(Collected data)
=== Begin Enclosure ===
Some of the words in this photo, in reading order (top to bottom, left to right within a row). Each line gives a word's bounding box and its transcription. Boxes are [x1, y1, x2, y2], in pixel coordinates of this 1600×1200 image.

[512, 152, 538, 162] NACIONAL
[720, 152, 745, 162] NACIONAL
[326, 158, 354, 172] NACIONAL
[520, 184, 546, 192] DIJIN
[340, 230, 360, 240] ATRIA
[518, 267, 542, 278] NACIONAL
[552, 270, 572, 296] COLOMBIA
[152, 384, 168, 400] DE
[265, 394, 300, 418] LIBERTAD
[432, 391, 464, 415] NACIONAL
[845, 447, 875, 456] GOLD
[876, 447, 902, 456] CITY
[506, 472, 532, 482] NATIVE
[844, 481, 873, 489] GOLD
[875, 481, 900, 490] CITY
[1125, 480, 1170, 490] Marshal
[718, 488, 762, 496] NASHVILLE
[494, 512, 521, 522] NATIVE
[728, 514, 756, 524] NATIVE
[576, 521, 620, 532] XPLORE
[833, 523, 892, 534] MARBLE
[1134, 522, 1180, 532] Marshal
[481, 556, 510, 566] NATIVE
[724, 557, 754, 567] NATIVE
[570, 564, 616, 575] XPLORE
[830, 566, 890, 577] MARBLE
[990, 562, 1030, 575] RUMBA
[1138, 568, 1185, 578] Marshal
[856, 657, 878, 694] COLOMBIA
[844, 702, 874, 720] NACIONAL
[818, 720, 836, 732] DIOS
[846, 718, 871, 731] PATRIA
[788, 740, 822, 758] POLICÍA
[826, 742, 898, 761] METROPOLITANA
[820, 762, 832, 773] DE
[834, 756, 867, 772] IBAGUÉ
=== End Enclosure ===
Restate each line above word for word.

Some of the words in this photo, in reading order (top to bottom, left to right within a row). Each line gives a word's bounding box and its transcription. Boxes are [x1, y1, x2, y2], in pixel coordinates of this 1600×1200 image.

[512, 152, 538, 162] NACIONAL
[720, 152, 745, 162] NACIONAL
[326, 158, 354, 172] NACIONAL
[520, 184, 546, 192] DIJIN
[340, 230, 360, 240] ATRIA
[518, 267, 542, 278] NACIONAL
[552, 270, 572, 296] COLOMBIA
[152, 384, 168, 400] DE
[265, 394, 300, 418] LIBERTAD
[432, 391, 464, 415] NACIONAL
[845, 447, 875, 456] GOLD
[876, 447, 902, 456] CITY
[506, 472, 532, 482] NATIVE
[844, 481, 873, 489] GOLD
[875, 481, 900, 490] CITY
[1125, 480, 1170, 490] Marshal
[718, 488, 762, 496] NASHVILLE
[494, 512, 521, 522] NATIVE
[728, 514, 756, 524] NATIVE
[576, 521, 620, 532] XPLORE
[833, 523, 892, 534] MARBLE
[1134, 522, 1180, 532] Marshal
[481, 556, 510, 566] NATIVE
[724, 557, 754, 567] NATIVE
[570, 564, 616, 575] XPLORE
[830, 566, 890, 577] MARBLE
[990, 562, 1030, 575] RUMBA
[1138, 568, 1185, 578] Marshal
[856, 657, 878, 694] COLOMBIA
[844, 702, 874, 720] NACIONAL
[818, 720, 836, 732] DIOS
[846, 718, 871, 731] PATRIA
[788, 740, 822, 758] POLICÍA
[826, 742, 898, 761] METROPOLITANA
[820, 762, 832, 773] DE
[834, 756, 867, 772] IBAGUÉ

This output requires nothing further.